Monarch by Kris Faatz

Photo of drone over field
Photo by Andreas Dress on Unsplash

 

Delia López plans to win her school’s “Make a Buzz!” contest. She figures she’s leading so far, at least in the fourth grade.

On a warm Sunday afternoon in early February, she walks to Elk Neck State Park with the boxful of bees she made over the weekend. She’s going to activate the bees in the park and get a ranger to sign off on how many she has, so she can add that total to her contest scoresheet. Her teachers have explained how important the contest is. Without it, they said, there wouldn’t be any bees in Maryland at all, but what Delia really cares about is the prize. It’s a real rosebush that her mother can plant in the front yard. Those are super-rare and expensive, and Mom has talked forever about how much she misses roses.
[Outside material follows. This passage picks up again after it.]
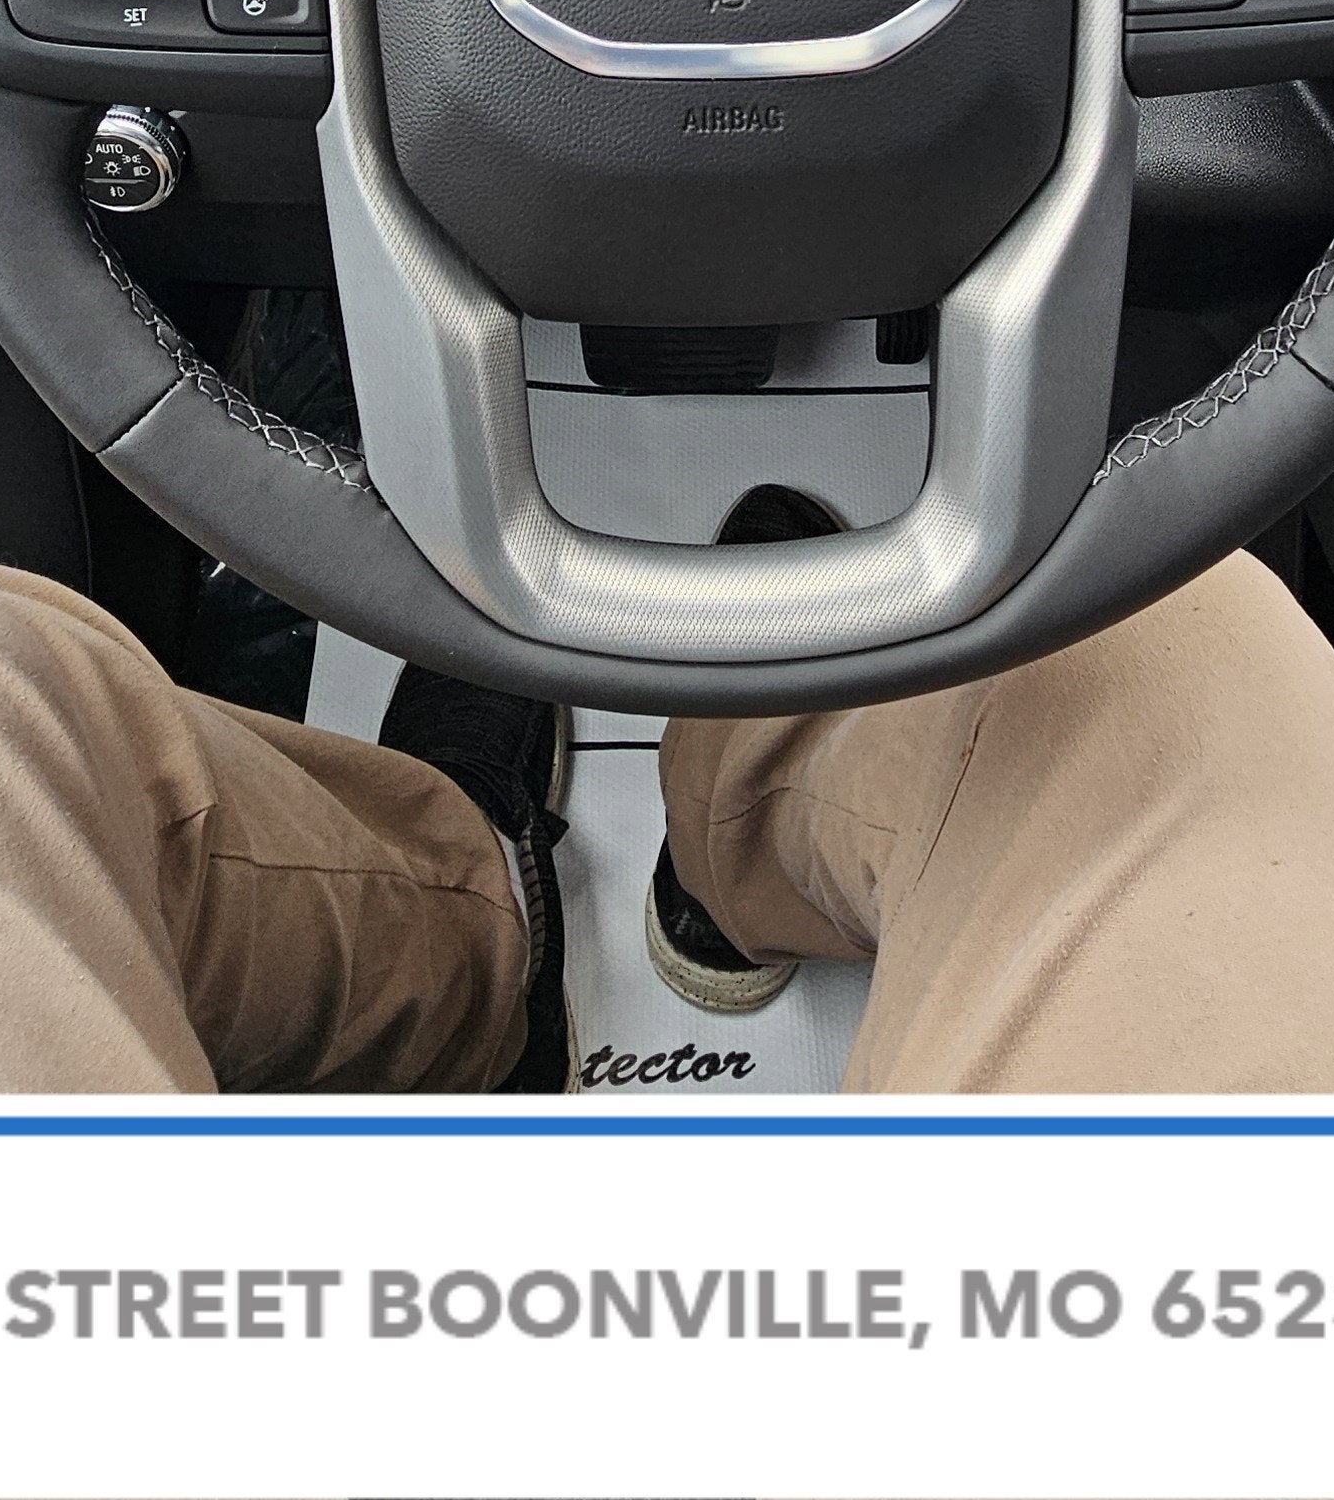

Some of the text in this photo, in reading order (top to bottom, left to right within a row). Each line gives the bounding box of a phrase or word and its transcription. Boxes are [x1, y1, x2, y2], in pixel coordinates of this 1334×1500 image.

[123, 7, 148, 23] SET
[680, 105, 786, 135] AIRBAG
[95, 143, 124, 154] AUTO
The park ranger, who looks as young as Delia’s brother Tony, watches Delia position her bees on the leaves of a blooming laurel. The sun makes her sweat so her T-shirt sticks to her back. The light, sweet smell of the laurel flowers hangs in the air. Most of the trees in the park are the synthetic kind, with CelluLast branches, solar-panel leaves, and oxygen-venting ducts, but the bees need real flowers.
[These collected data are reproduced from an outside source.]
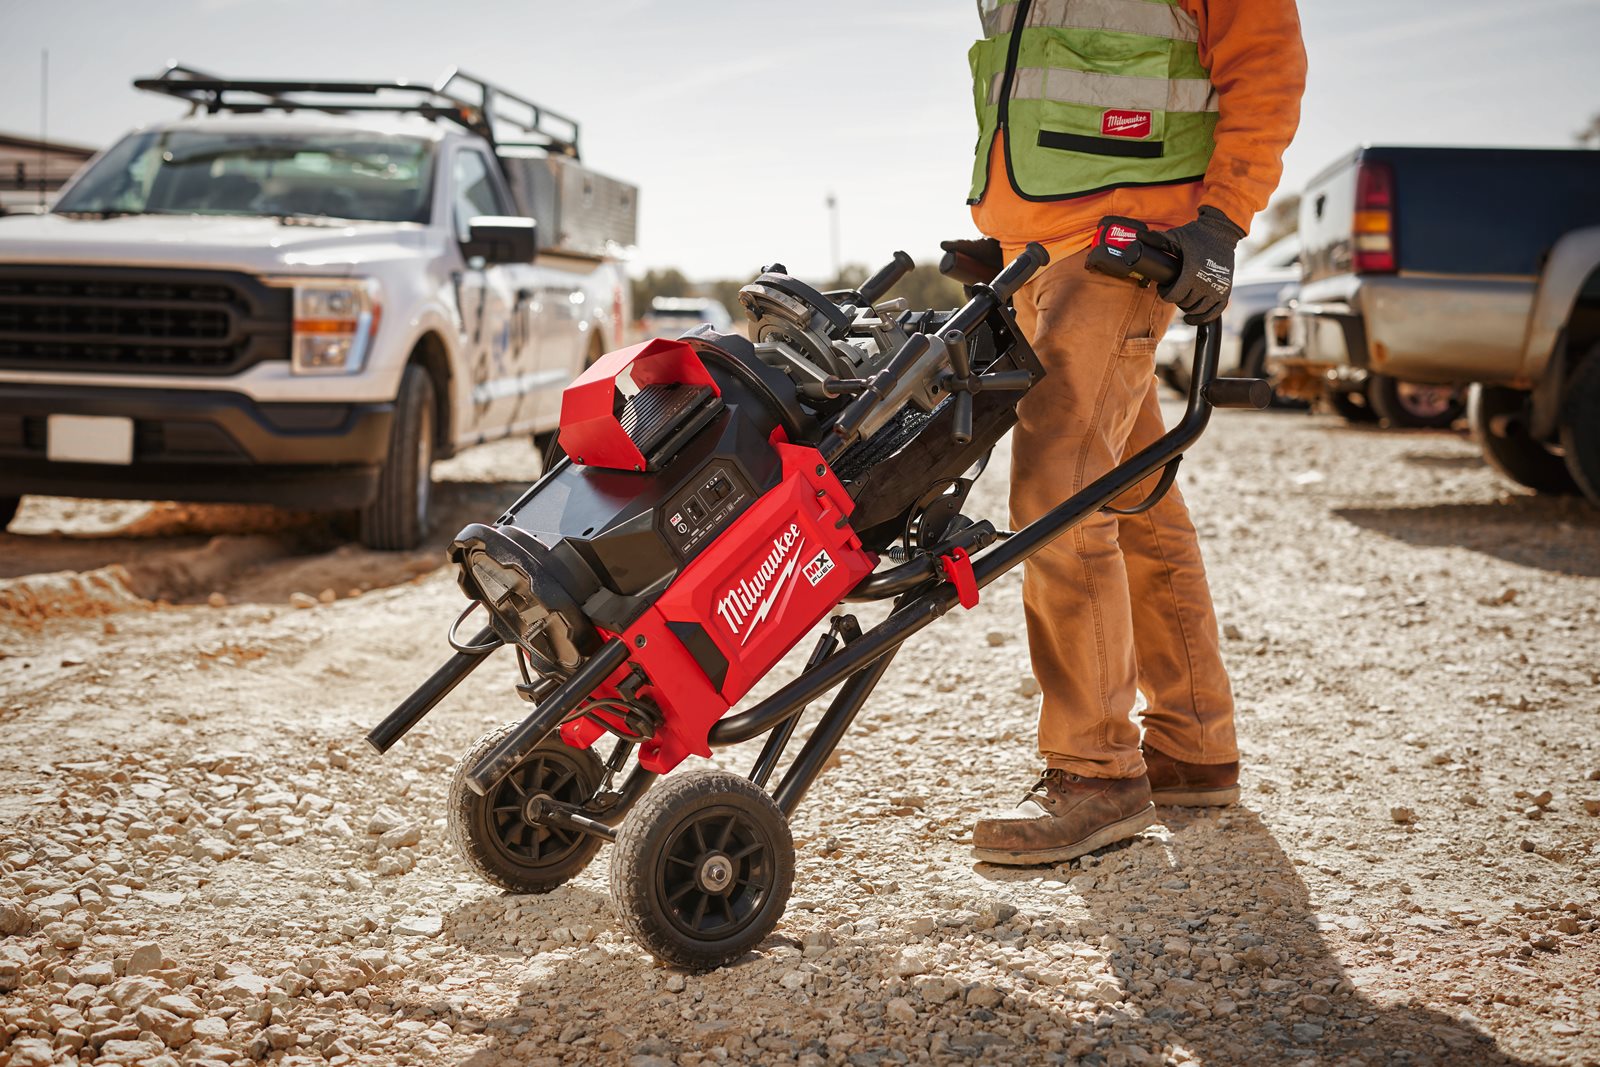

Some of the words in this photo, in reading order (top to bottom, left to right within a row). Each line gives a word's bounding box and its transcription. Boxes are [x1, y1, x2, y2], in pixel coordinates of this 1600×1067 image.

[1106, 115, 1147, 128] Milwaukee
[1110, 226, 1137, 238] Milwau
[805, 552, 829, 579] MX
[811, 563, 834, 584] FUEL
[717, 523, 801, 634] Milwaukee
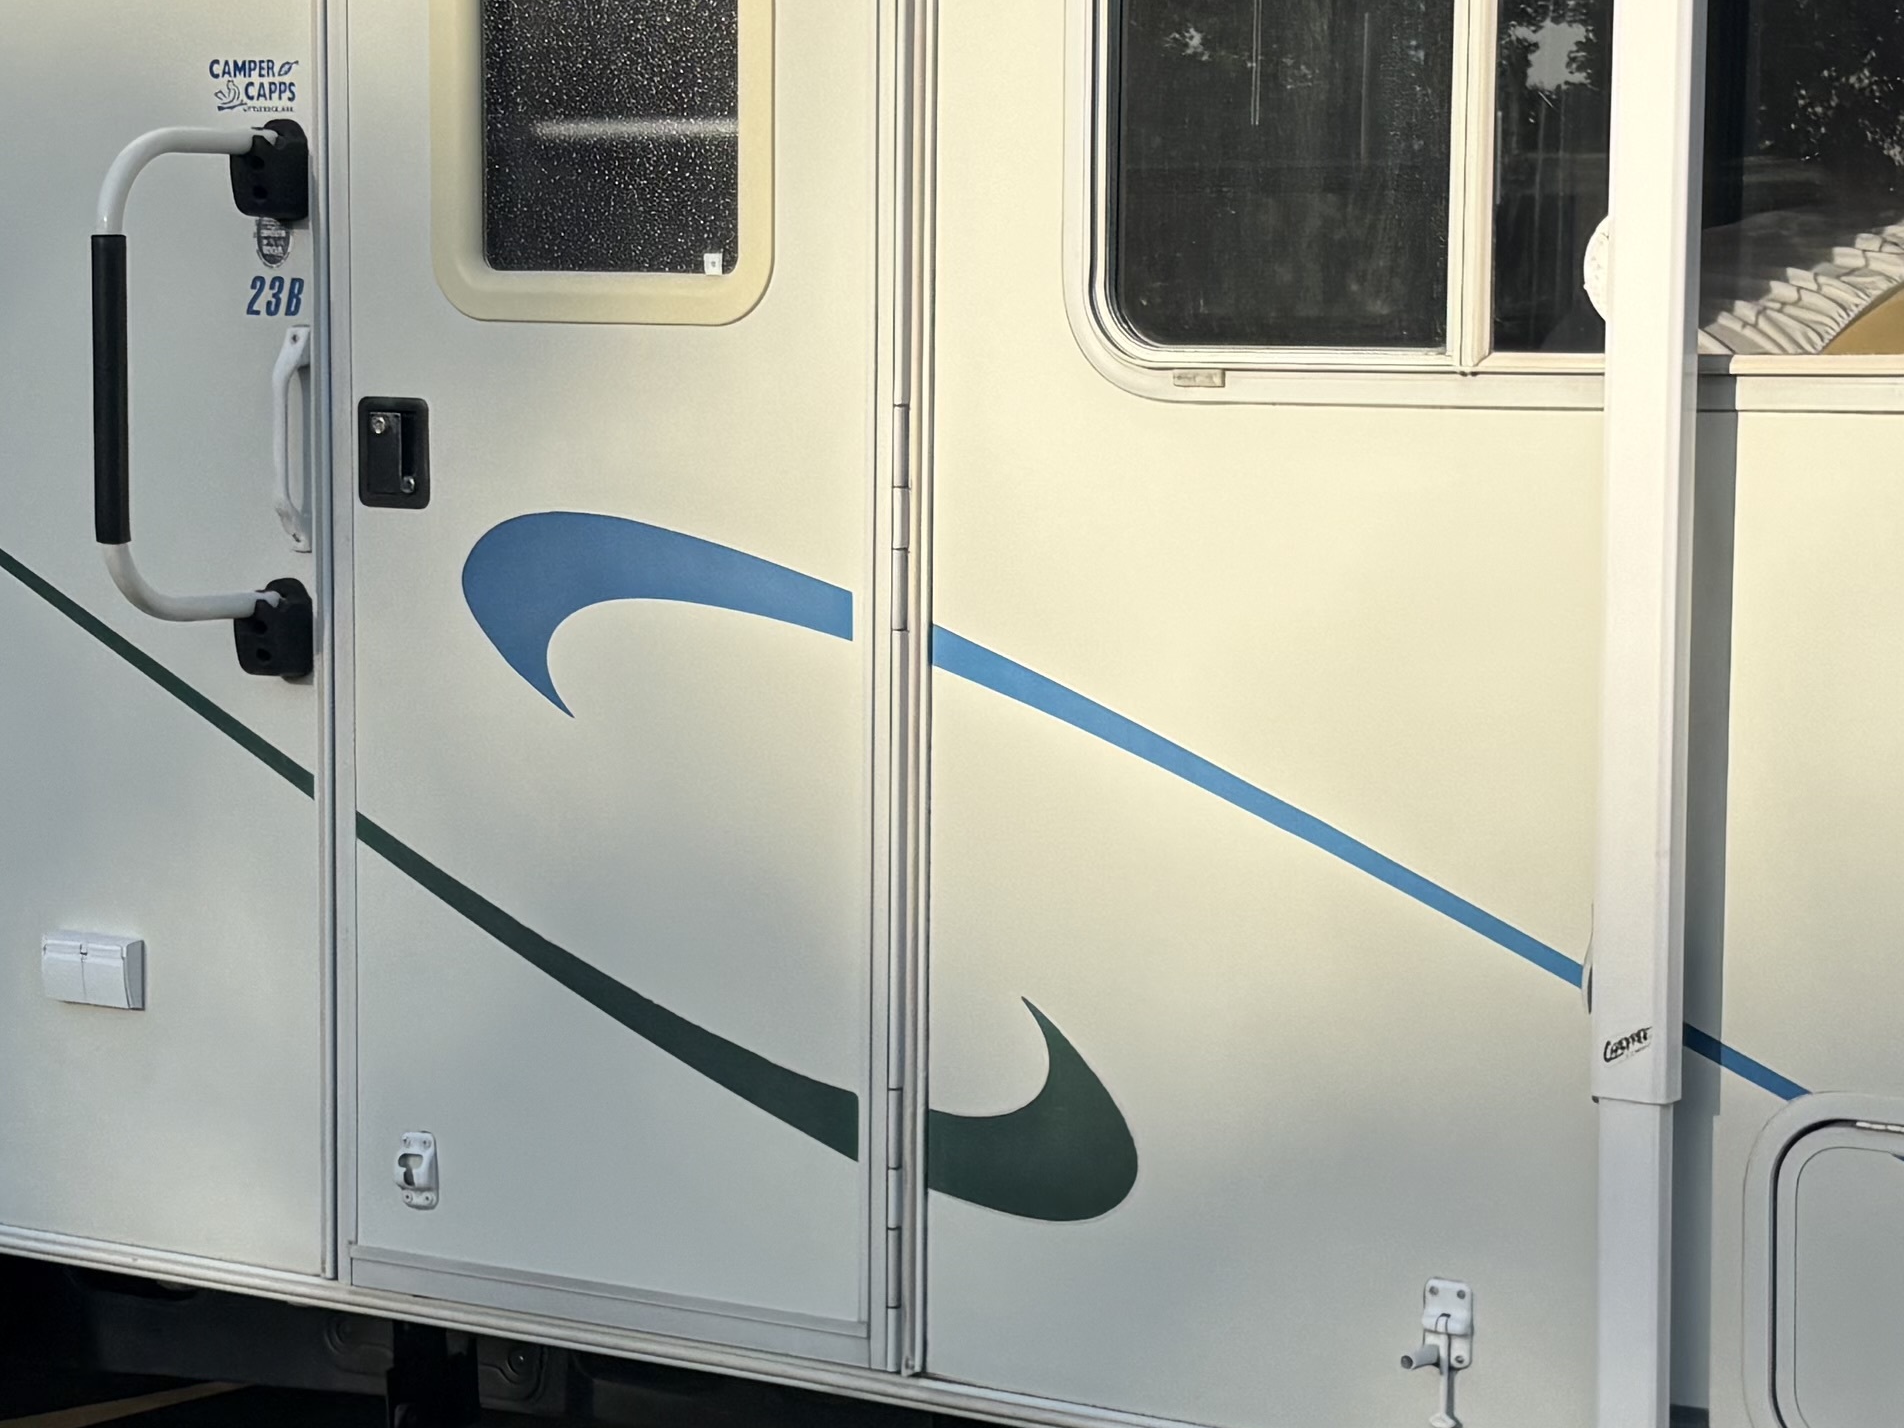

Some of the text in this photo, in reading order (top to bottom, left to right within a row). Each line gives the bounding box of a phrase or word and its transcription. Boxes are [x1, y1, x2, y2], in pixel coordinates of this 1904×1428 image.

[208, 58, 275, 79] CAMPER
[244, 81, 296, 102] CAPPS
[246, 275, 305, 317] 23B
Delia’s master switch activates her crop all at once. Some of them take off and circle the bush, while others crawl toward the nearest blooms. When Delia first started making them, she had trouble getting them to balance right when they flew. They’d plunge straight to the ground after takeoff. This group, though, is perfect, just like the real bees Delia and her classmates have seen in videos at school.

“Nice job, kid,” the ranger says. “So that’s two dozen.” He fills the number in on her tally sheet and signs it. After he heads back to the park entrance, Delia stays where she is, sitting cross-legged by the laurel to watch her bees work. She’s made more than two hundred by now, but she never gets tired of them.
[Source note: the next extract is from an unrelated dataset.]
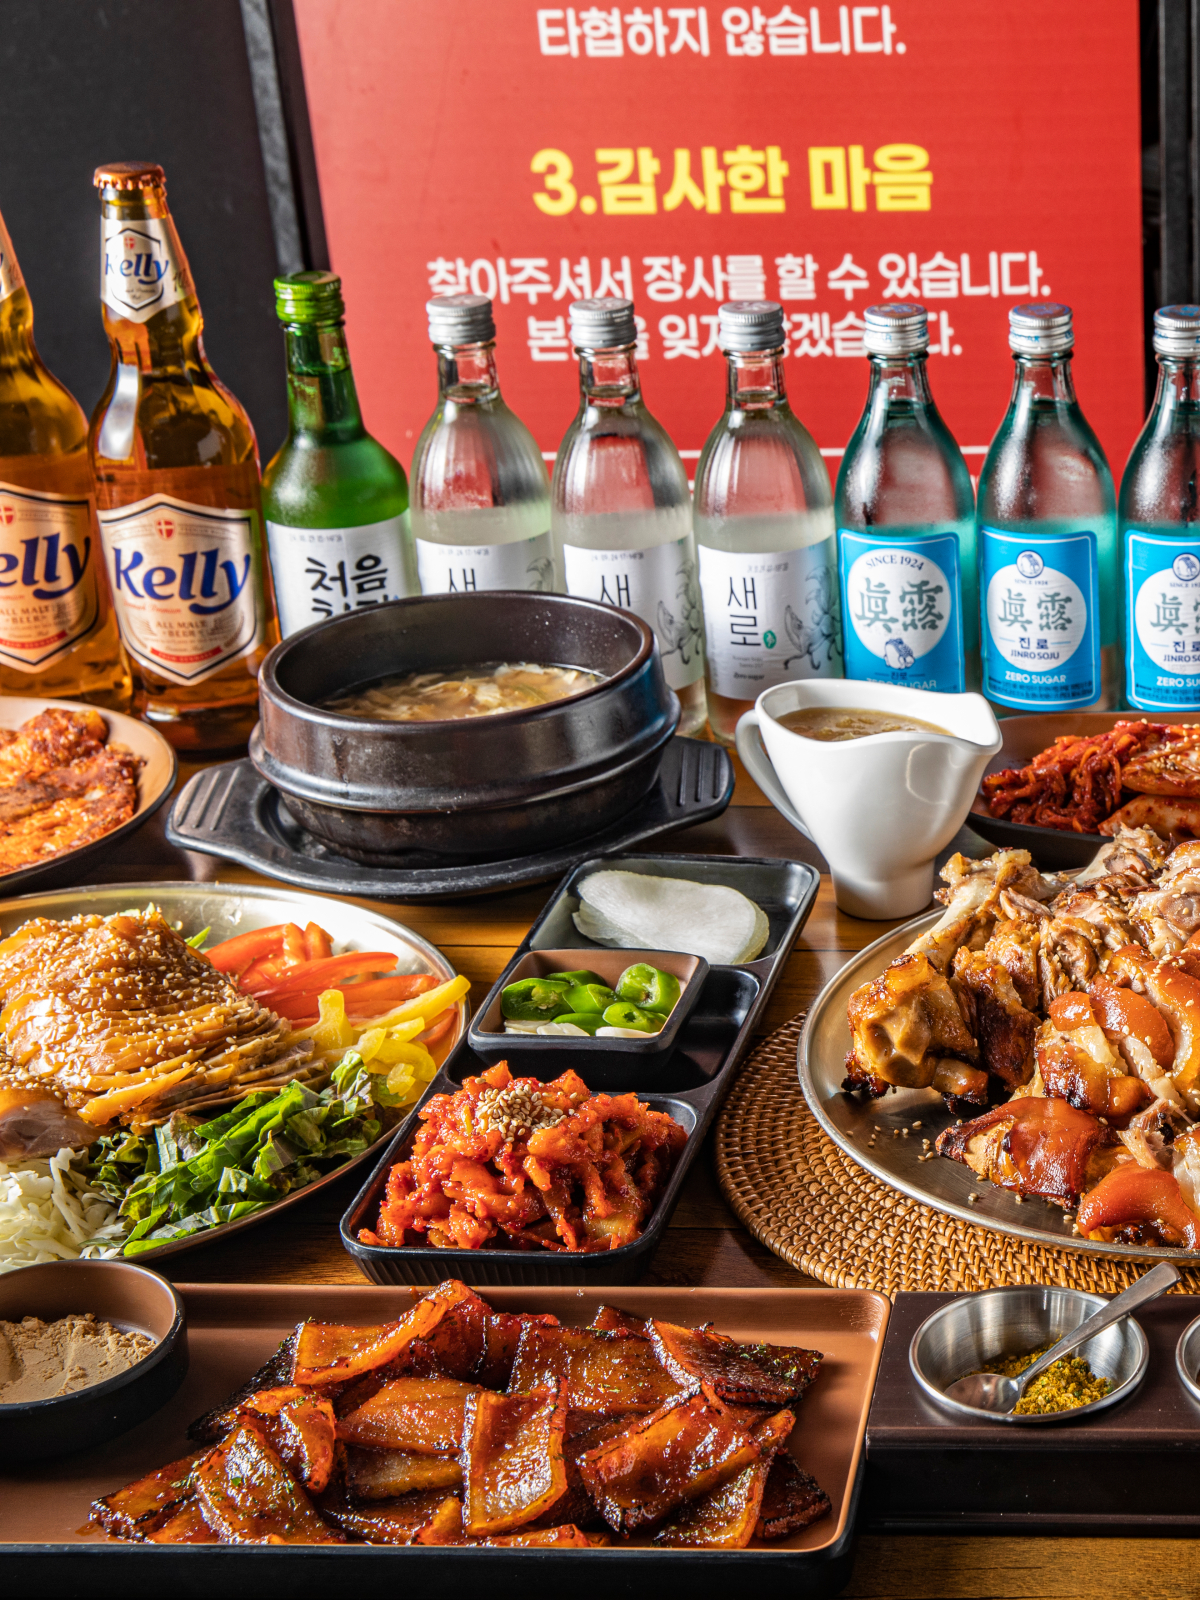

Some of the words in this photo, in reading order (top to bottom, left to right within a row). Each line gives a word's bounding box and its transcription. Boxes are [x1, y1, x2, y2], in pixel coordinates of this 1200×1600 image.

Someone says, “What are those?”

Delia turns around. The woman standing behind her has hair and skin as brown as Delia’s own. She’s wearing army fatigues, which Delia recognizes right away because her brother Tony is going to get his once he graduates high school in June.

But Delia doesn’t understand the woman’s question. “Those what?” she says.

The woman sits down a little distance away, drawing her knees up against her chest. “Those things on the bush,” she says. “They look like honeybees, but I thought there weren’t any left around here.”

Delia wonders where this woman has been. “That’s why we make them,” she says, trying not to let herself sound like what Mom calls “Muchachita Lo Sabe Todo,” Little Miss Knows Everything. She doesn’t explain how there are no real honeybees left between Maine and Florida, but she does say, “You can’t grow crops or anything without them.”

“I know that,” the woman says. She’s quiet for a minute, watching one bee dive into a laurel bloom and climb back out of it again, covered in yellow pollen. “So how do you make them?”

She really doesn’t know much. “You start with tiny drones,” Delia says. “You know drones?”

The woman looks at her. She’s younger than Delia’s mom, but close up, her face looks very tired, as if she’s an old person hiding under young skin. “Yes,” she says. “But the drones I know are much bigger.”

Delia remembers Tony talking about how the army sometimes uses drones to carry bombs. Being a boy, he thinks that’s pretty cool. “Well, our drones are tiny,” she says. “And you put microcomputers on them. You program them so they know how to look for flowers and get pollen.” She doesn’t let herself add, Everybody knows that.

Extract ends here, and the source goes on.